Wales is in grave danger of being considered a nation of narrow-minded hypocrites in the wake of the Rev Rhodri Glyn Thomas being forced to resign as culture minister after mistakenly walking into a Bay public house with a cigar in his hand .

Apparently, the resignation followed a tete-a-tete on his future with party leader Ieuan Wyn Jones.

Yet it could all be for a future good – which could propel Plaid Cymru towards the Assembly stratosphere, and Labour towards the exit almost everywhere in Wales.

Mr Jones often seems buttoned up, sometimes even the first minister’s poodle, as if he’s keeping an ear open only for what emanates from the fifth floor Ty Hywel room occupied by the FM overlooking the Pierhead building.

But I feel the DFM is much wider awake to the world than he seems.

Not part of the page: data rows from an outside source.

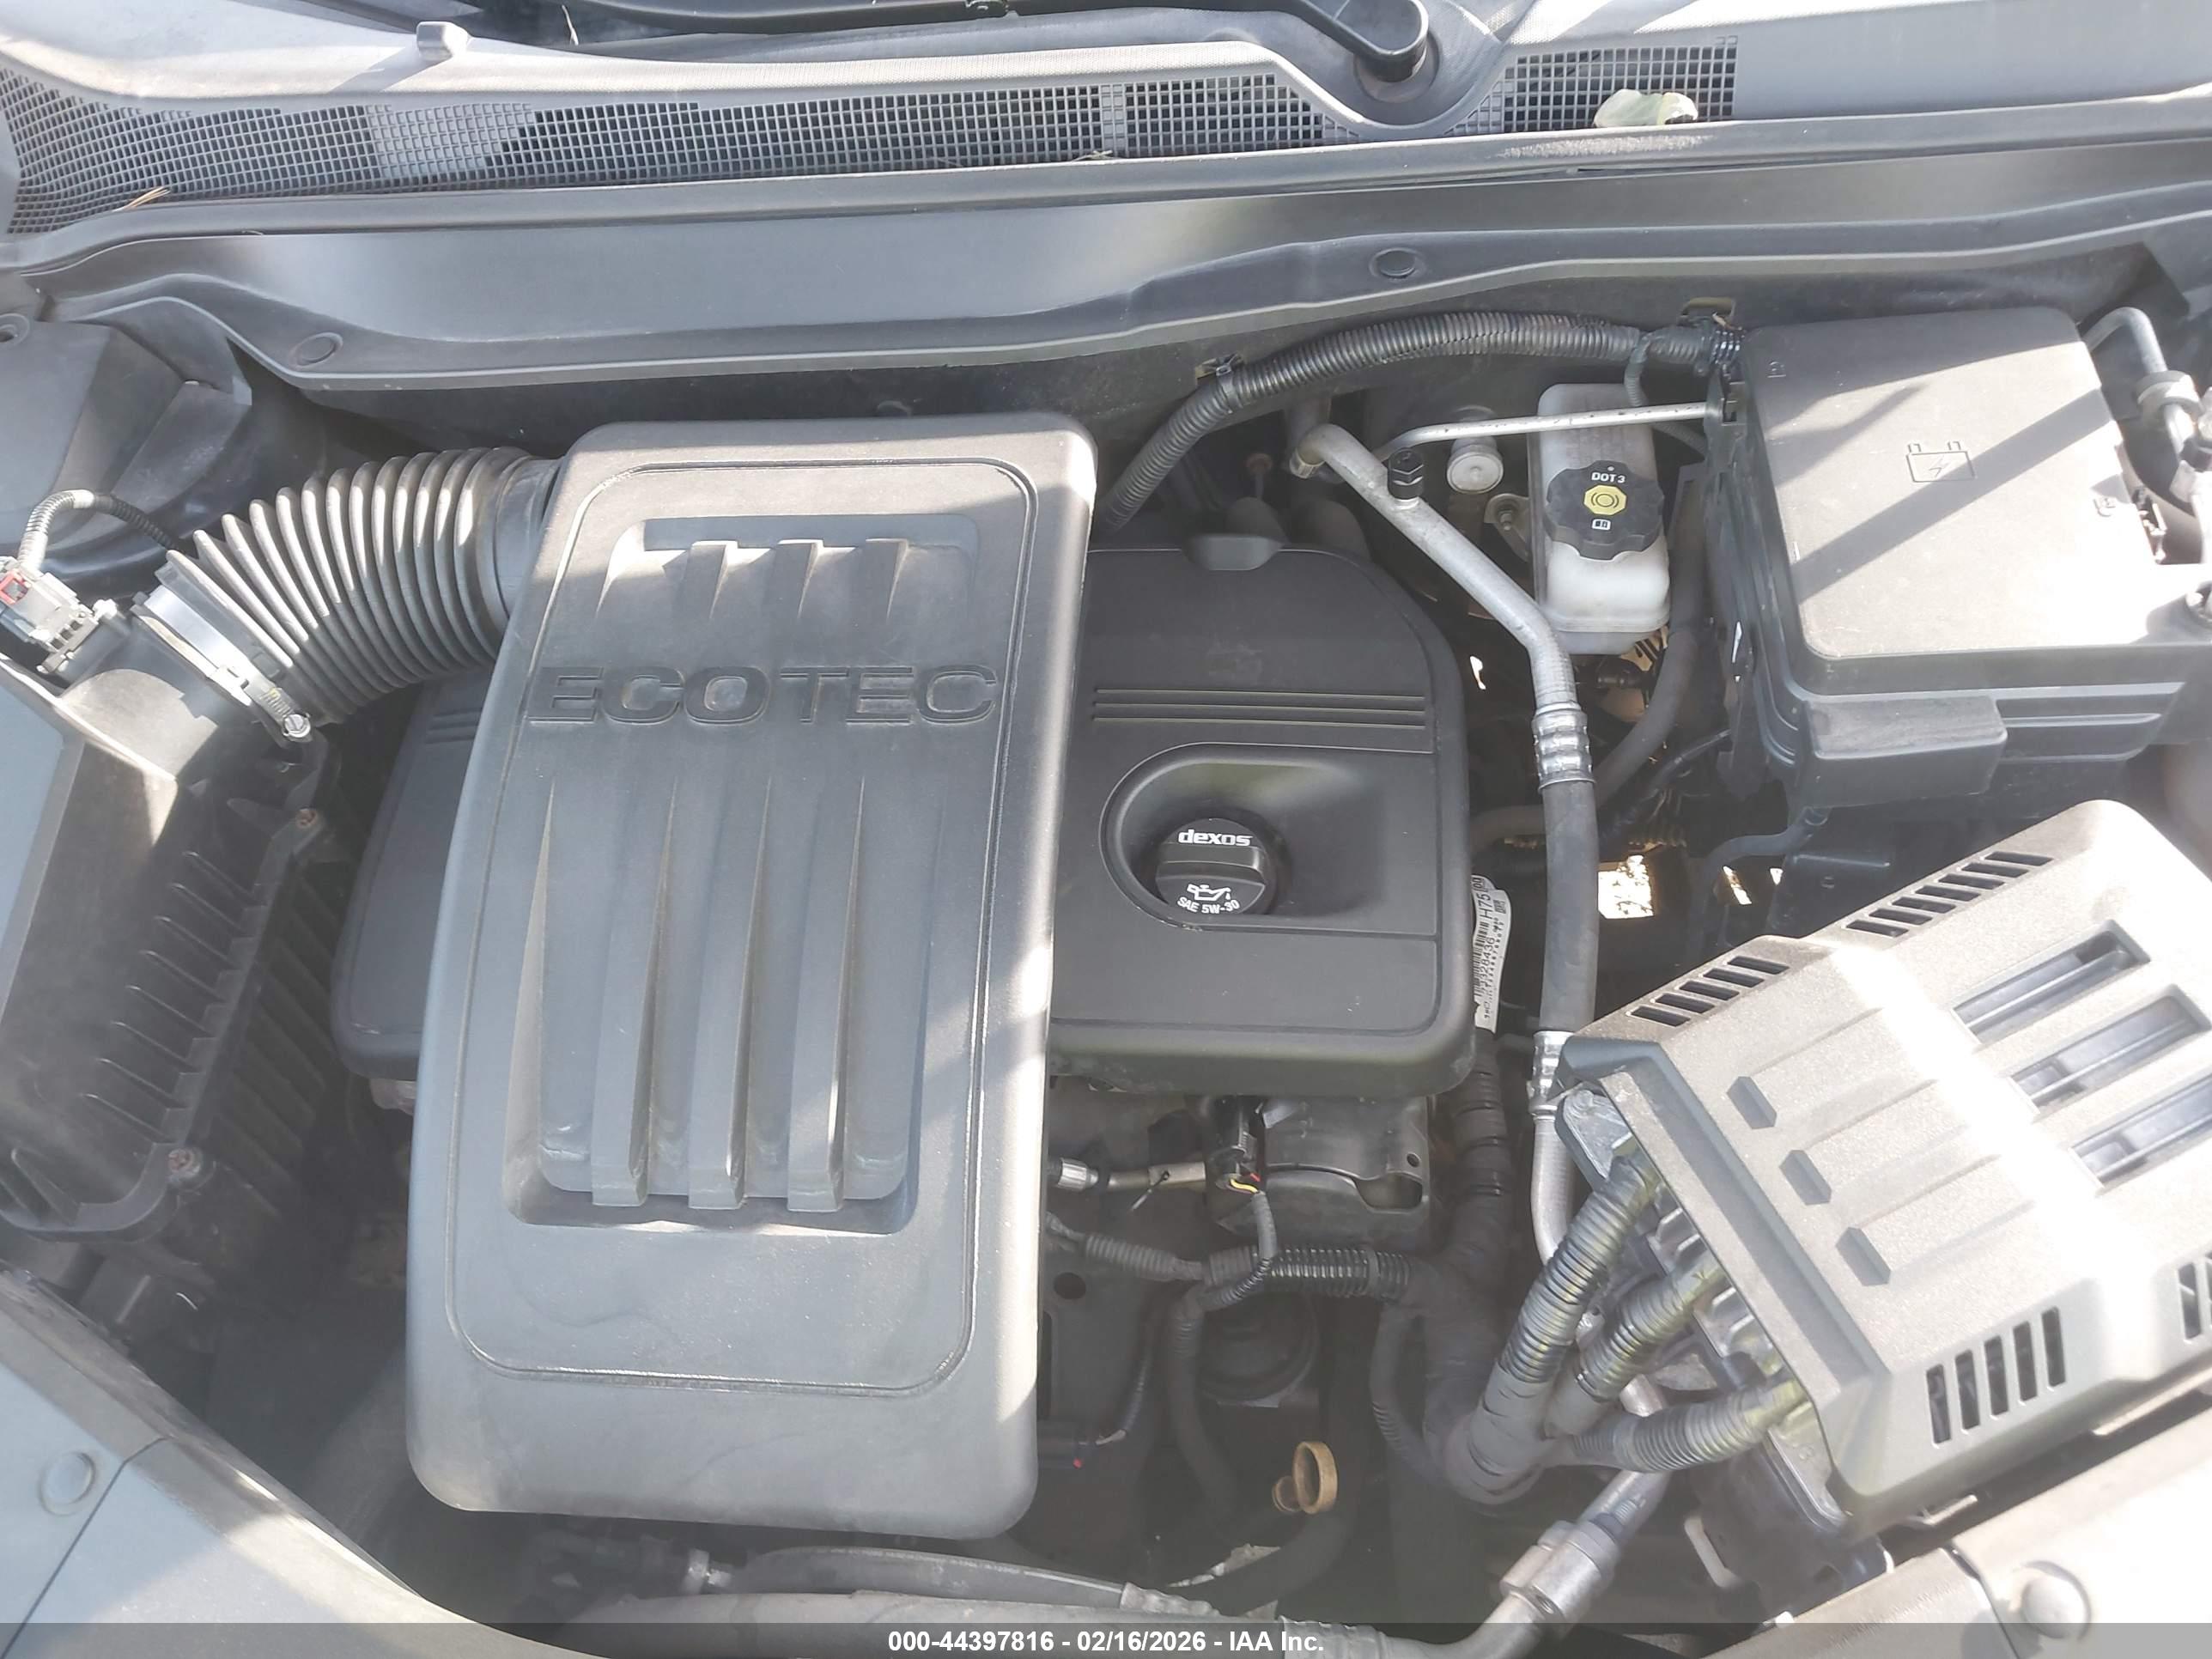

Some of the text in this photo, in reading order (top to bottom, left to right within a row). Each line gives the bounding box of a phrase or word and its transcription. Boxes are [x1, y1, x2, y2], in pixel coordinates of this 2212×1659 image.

[1591, 472, 1626, 483] DOT 3
[529, 665, 997, 726] ECOTEC
[1178, 829, 1254, 847] dexos
[1177, 896, 1240, 914] SAE 5W-30
[1476, 893, 1493, 920] H75

The minister’s son must know a bit about sin (when performed by others); the former solicitor should know about the importance of keeping away from the clutches of the hypocrites-in-chief who run certain London newspapers; while the political leader should have been asking himself whether his selected minister was handing far too many votes to the Conservative and Liberal Democrat opposition through his decisions and opinions on the (now-vanished) Welsh language daily paper.

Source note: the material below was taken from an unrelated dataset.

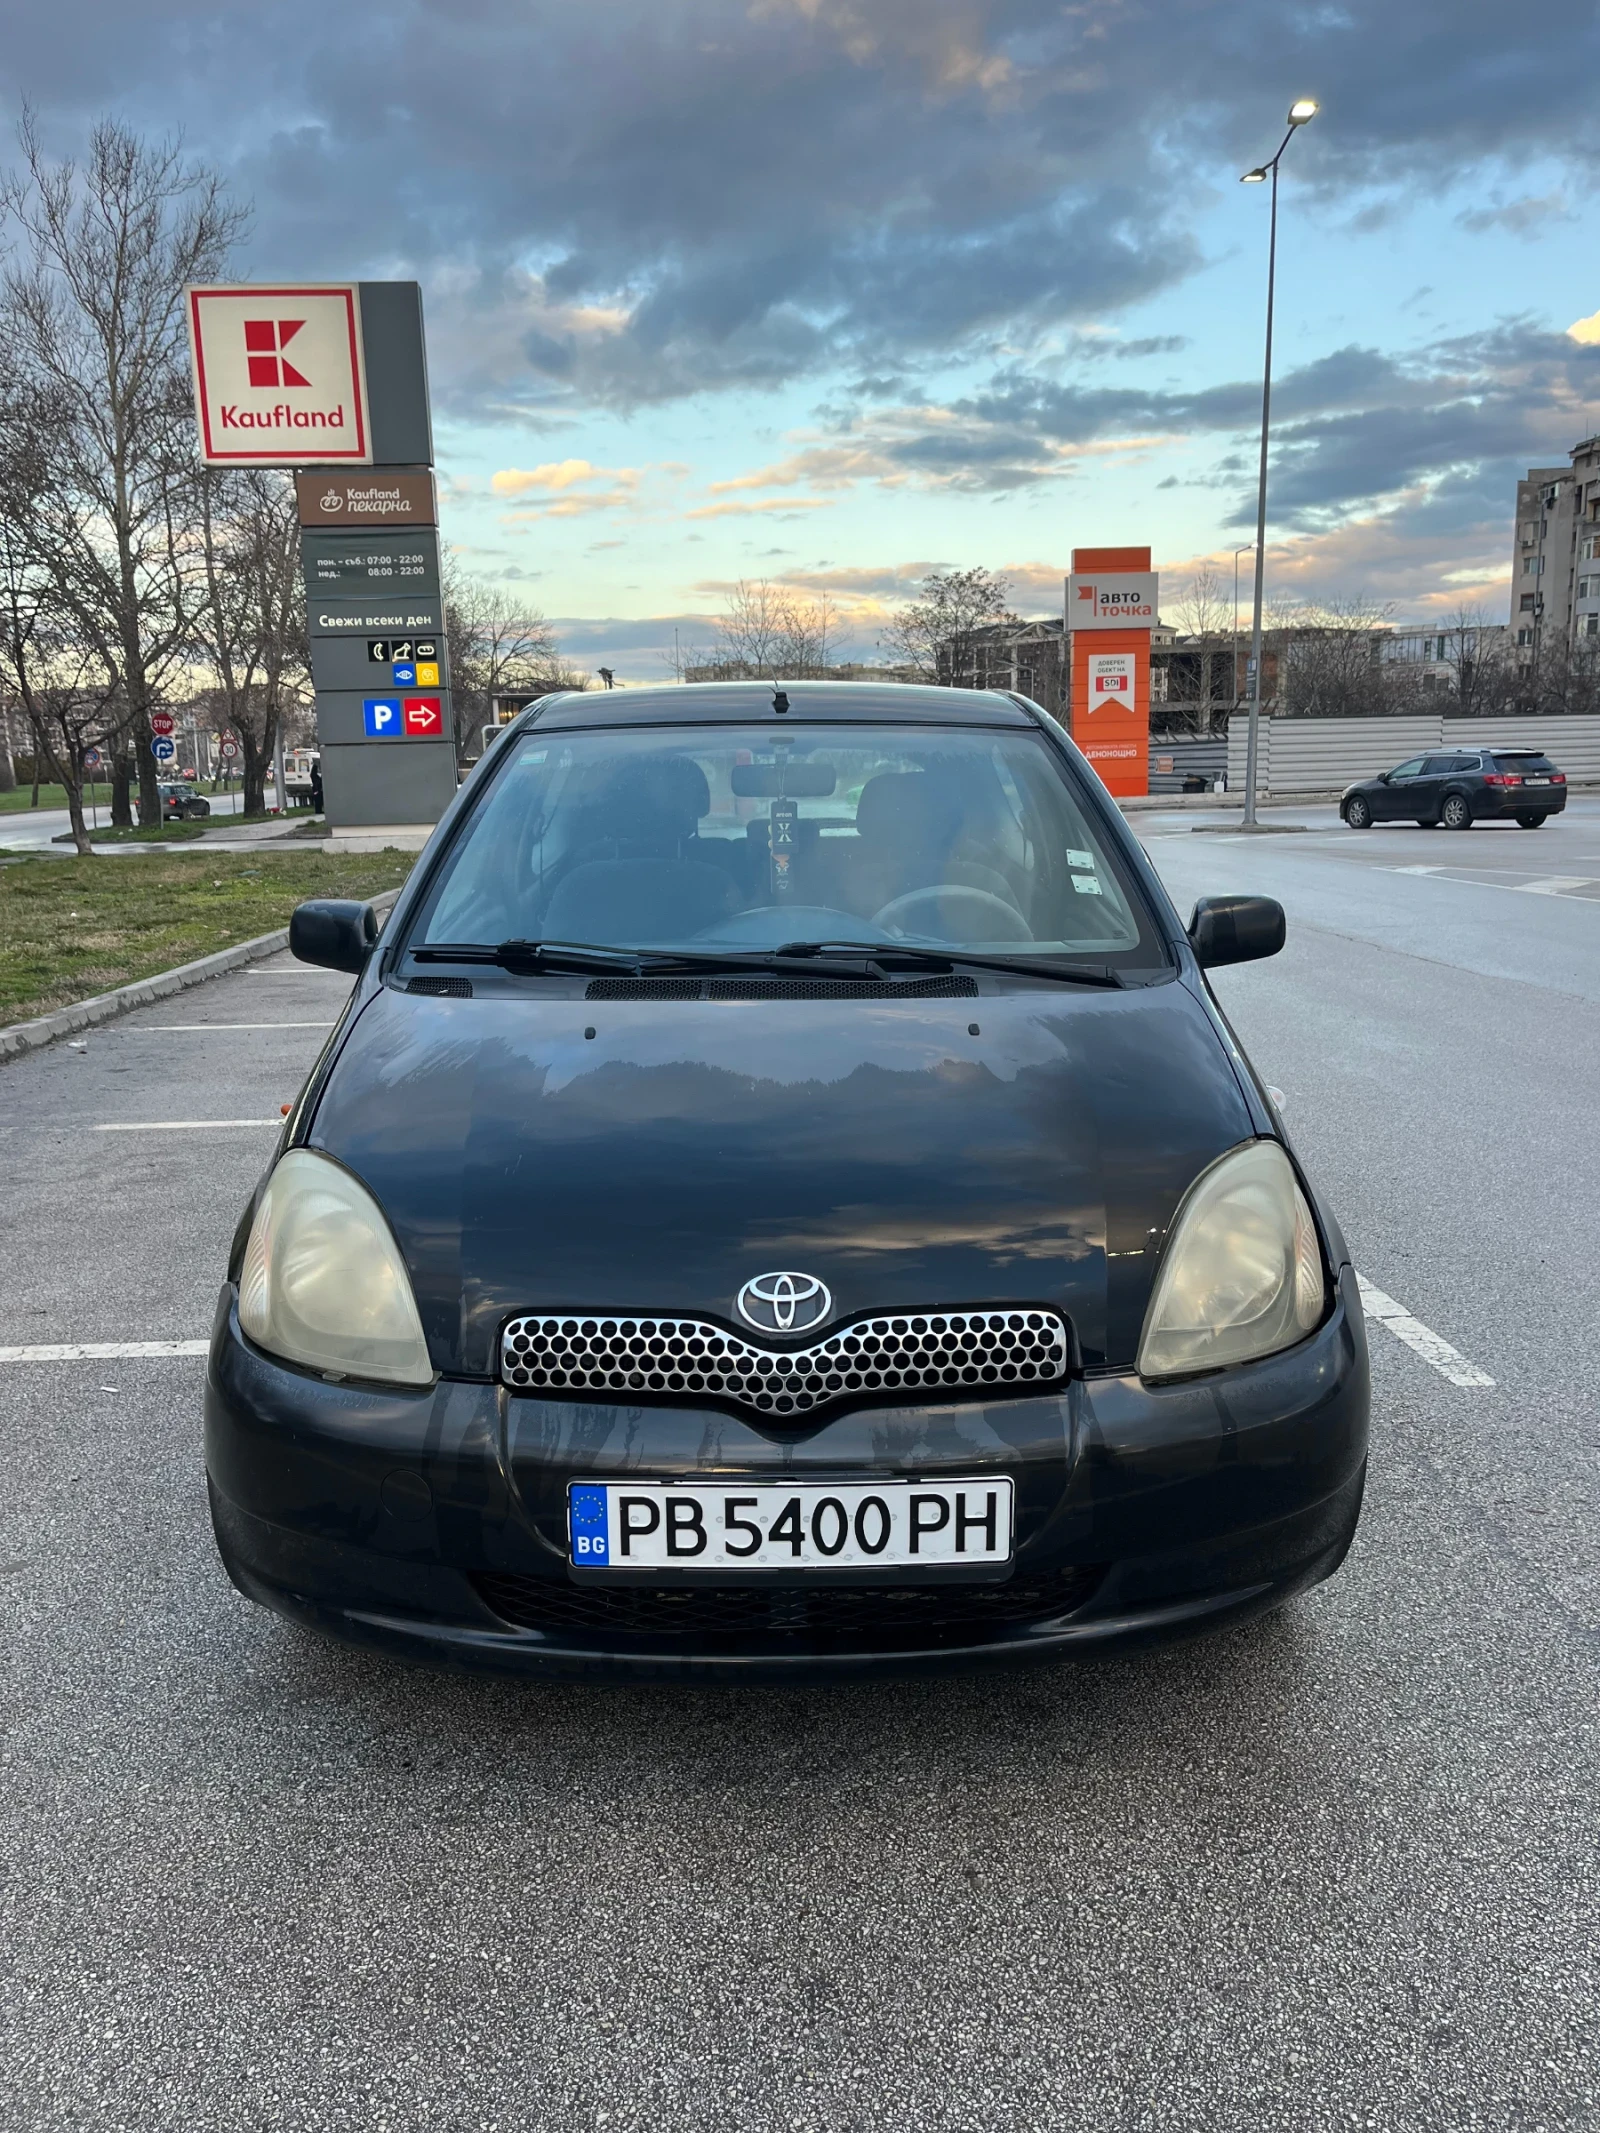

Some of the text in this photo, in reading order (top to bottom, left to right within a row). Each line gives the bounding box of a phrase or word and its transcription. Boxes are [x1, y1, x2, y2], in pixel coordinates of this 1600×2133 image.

In other words, the Rev Min was ruining his own future. And it was no help that he was doing so in an arrogant fashion – possibly in a worse way than even health minister Edwina Hart.

The cigar was a quickly-corrected mistake; the misread literary prize-winner was because of vanity (refusing to wear glasses); and the arrogance a human failing.

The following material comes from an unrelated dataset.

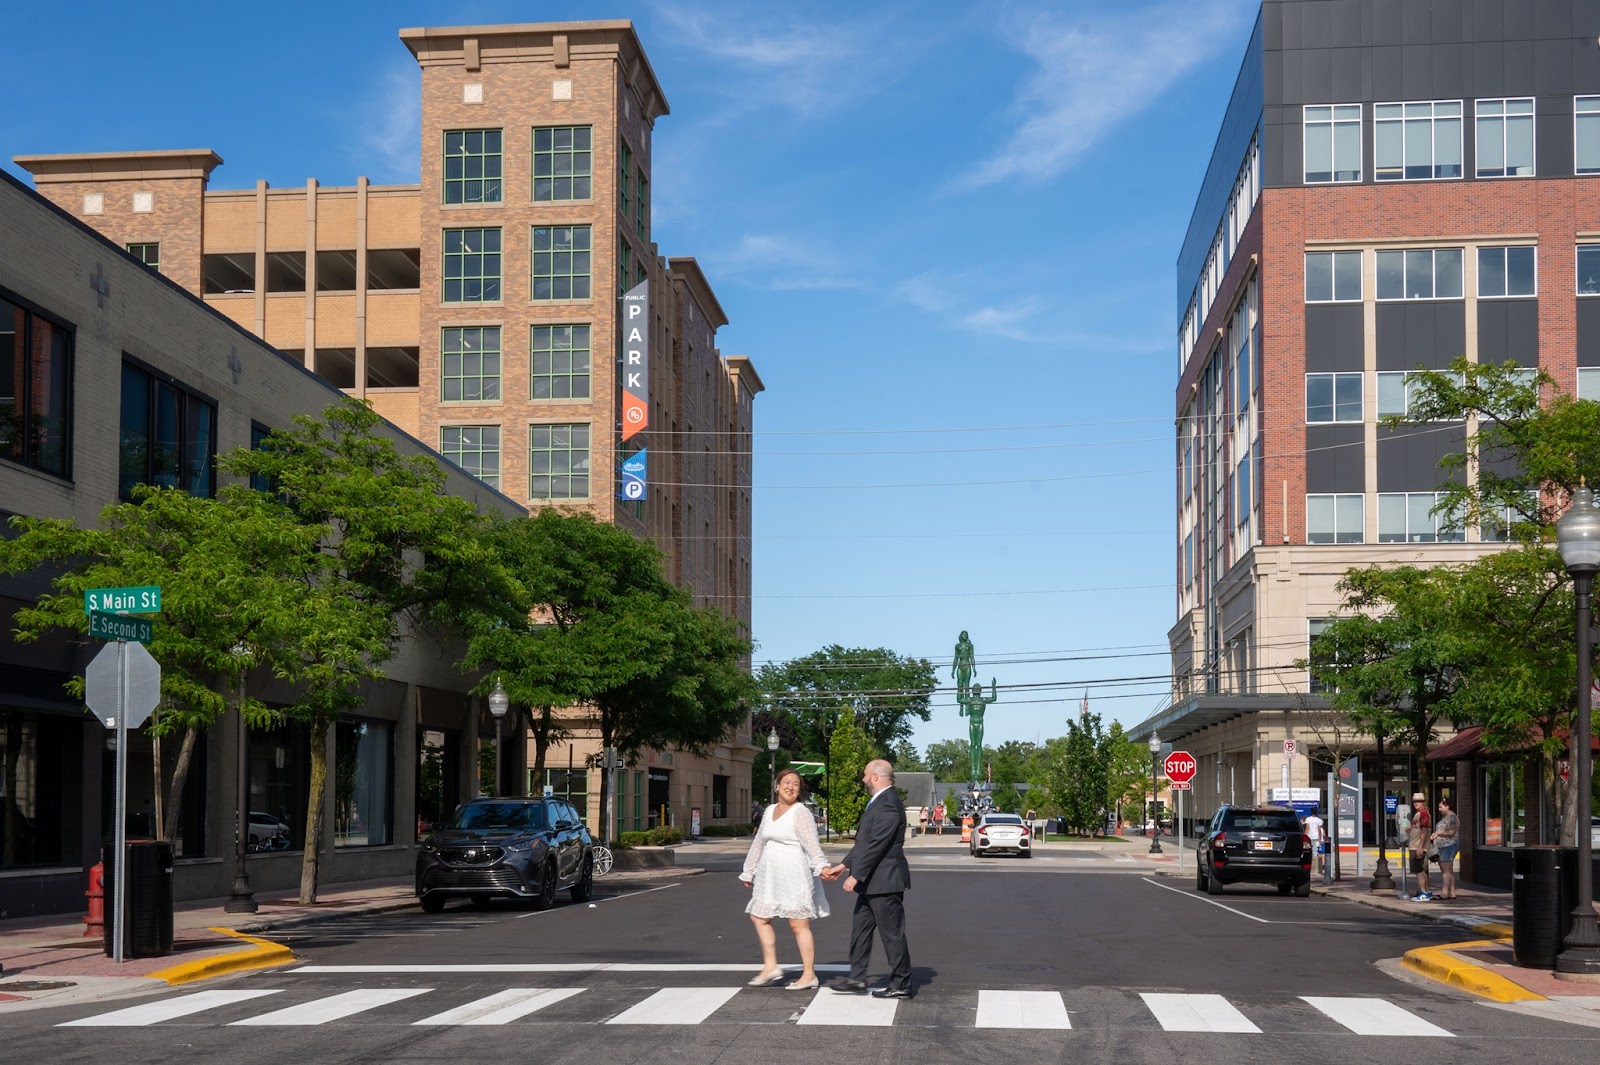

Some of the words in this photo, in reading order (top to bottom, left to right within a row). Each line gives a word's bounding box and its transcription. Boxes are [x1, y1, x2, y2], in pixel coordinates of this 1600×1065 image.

But the possible eventual interest of certain newspapers is a different matter – London hypocrites of that type, we know, always exaggerate beyond truth, so it’s far better not to attract their attention.

This is where – rather ironically – we reach another world…that of the future of Plaid Cymru.


Plaid currently lacks a formal long-term leader. But one such exists in the very seat what the Rev Min sits for the Assembly.

Now, this is where we arrive at the future of Plaid Cymru. A few years ago when Llais y Sais was still a moderately seriously-minded paper, I interviewed Mr Price on the long-term future of his party.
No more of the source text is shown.